_Task requirements:_
Retype each line of the material exactly, please, skipping any picture in it.

________________________

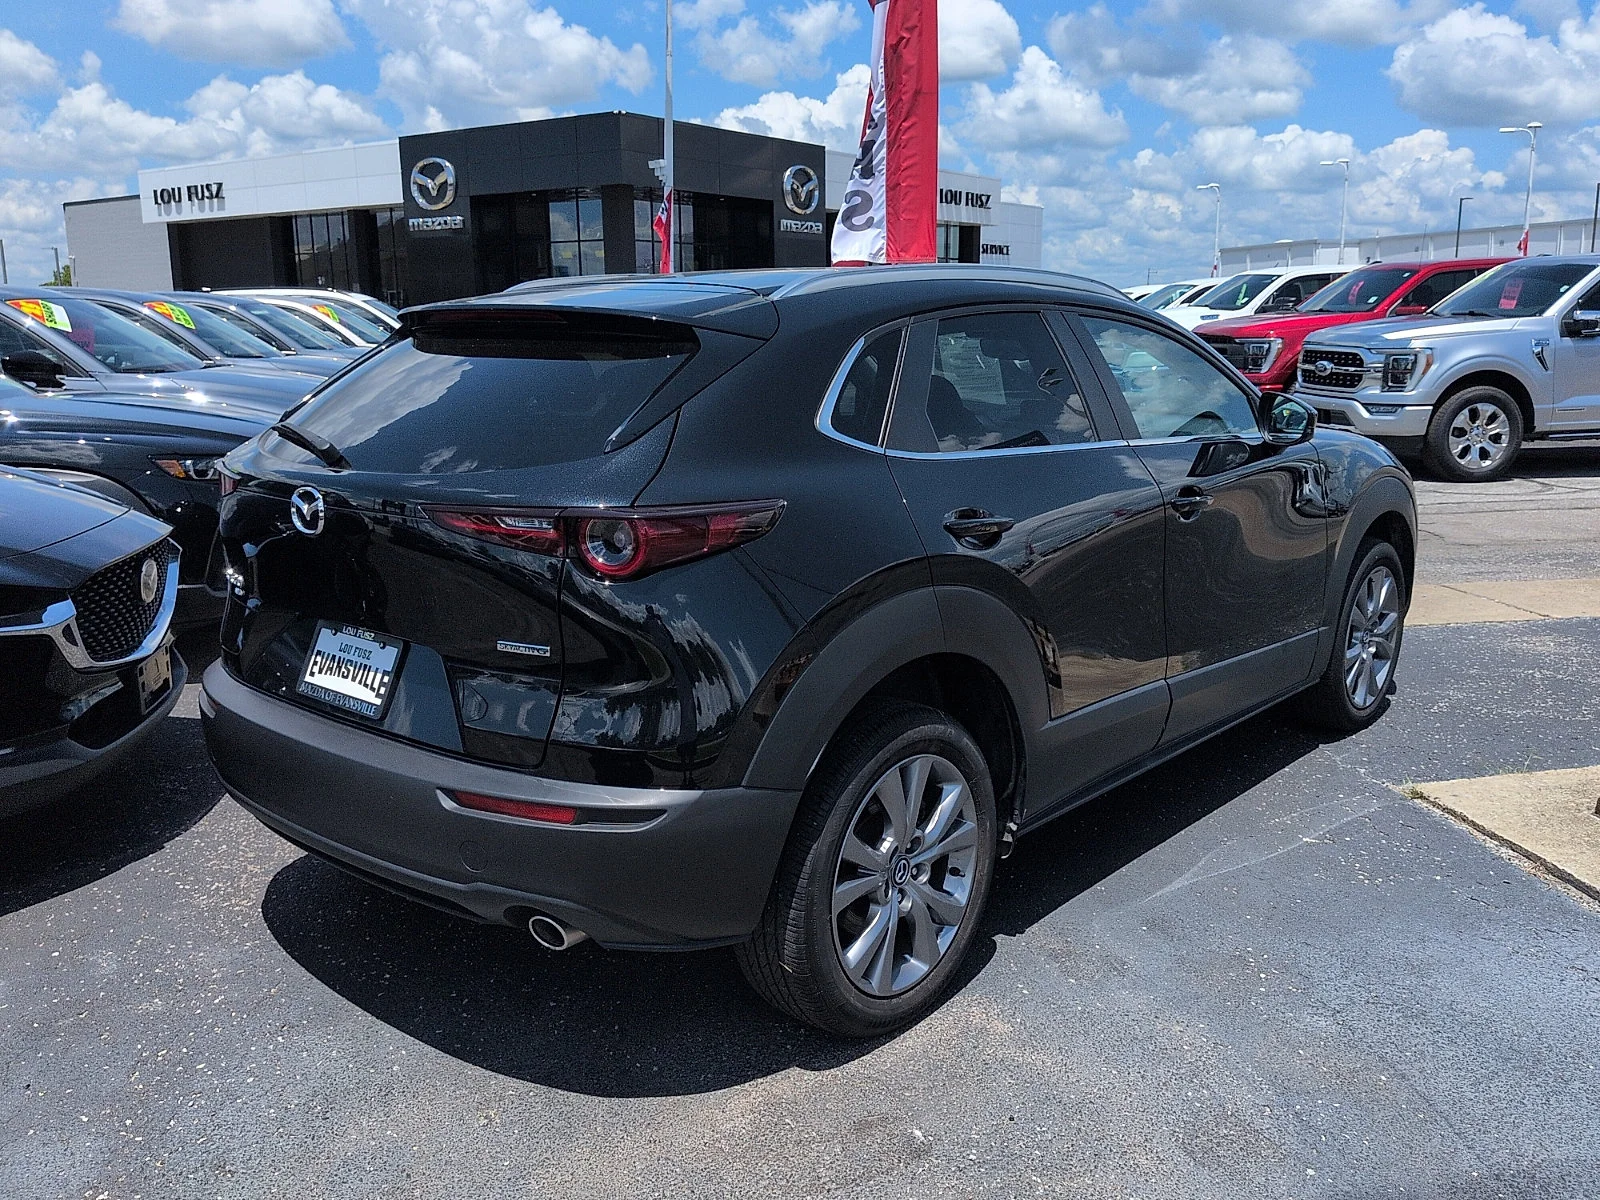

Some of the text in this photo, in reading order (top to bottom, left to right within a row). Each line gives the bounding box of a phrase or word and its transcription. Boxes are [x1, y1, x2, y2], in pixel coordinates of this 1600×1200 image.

[153, 182, 225, 205] LOU FUSZ
[939, 188, 992, 209] LOU FUSZ
[409, 215, 464, 231] mazda
[780, 219, 823, 235] mazda
[981, 243, 1010, 255] SERVICE
[342, 625, 375, 640] LOU FUSZ
[338, 642, 373, 660] LOU FUSZ
[308, 649, 391, 699] EVANSVILLE
[299, 682, 377, 716] MAZDA OF EVANSVILLE
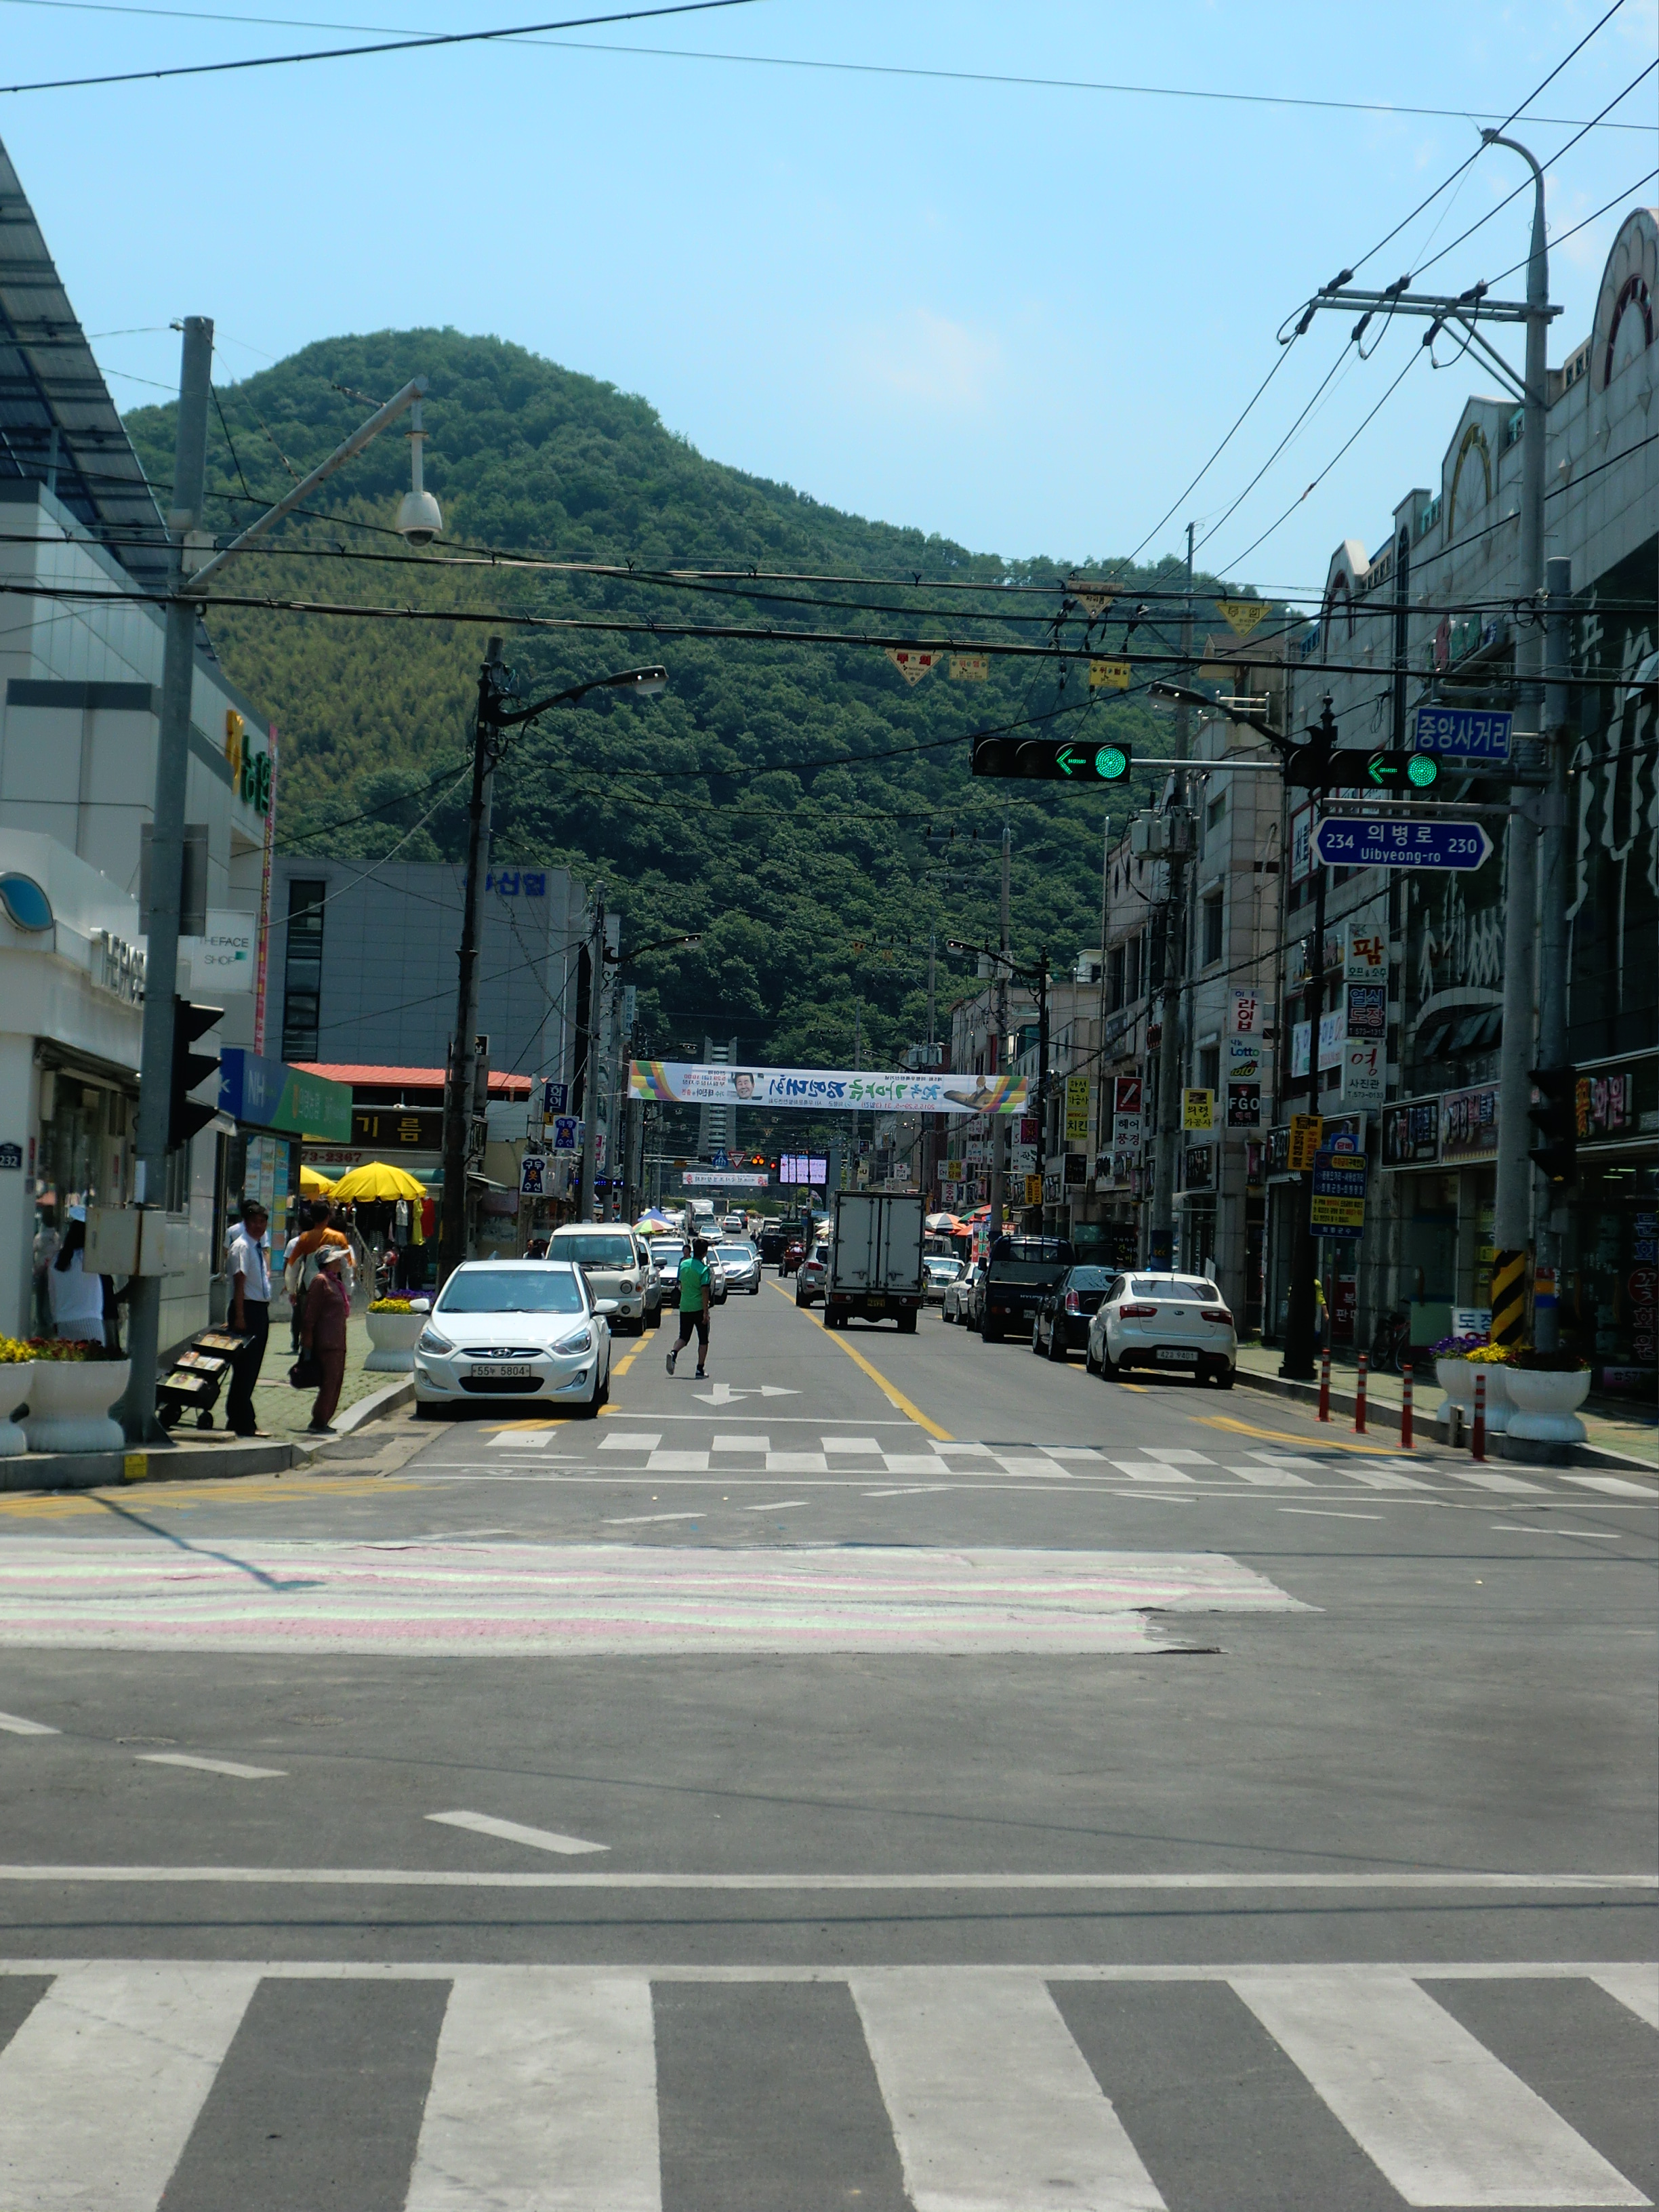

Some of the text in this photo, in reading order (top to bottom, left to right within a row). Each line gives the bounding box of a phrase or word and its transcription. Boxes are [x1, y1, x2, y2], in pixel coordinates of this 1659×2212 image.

________________________

_Your response:_
Some of the text in this photo, in reading order (top to bottom, left to right within a row). Each line gives the bounding box of a phrase or word and its transcription. Boxes are [x1, y1, x2, y2], in pixel coordinates of this 1600×1200 image.

[153, 182, 225, 205] LOU FUSZ
[939, 188, 992, 209] LOU FUSZ
[409, 215, 464, 231] mazda
[780, 219, 823, 235] mazda
[981, 243, 1010, 255] SERVICE
[342, 625, 375, 640] LOU FUSZ
[338, 642, 373, 660] LOU FUSZ
[308, 649, 391, 699] EVANSVILLE
[299, 682, 377, 716] MAZDA OF EVANSVILLE

Some of the text in this photo, in reading order (top to bottom, left to right within a row). Each line gives the bounding box of a phrase or word and its transcription. Boxes are [x1, y1, x2, y2], in pixel coordinates of this 1659×2212 image.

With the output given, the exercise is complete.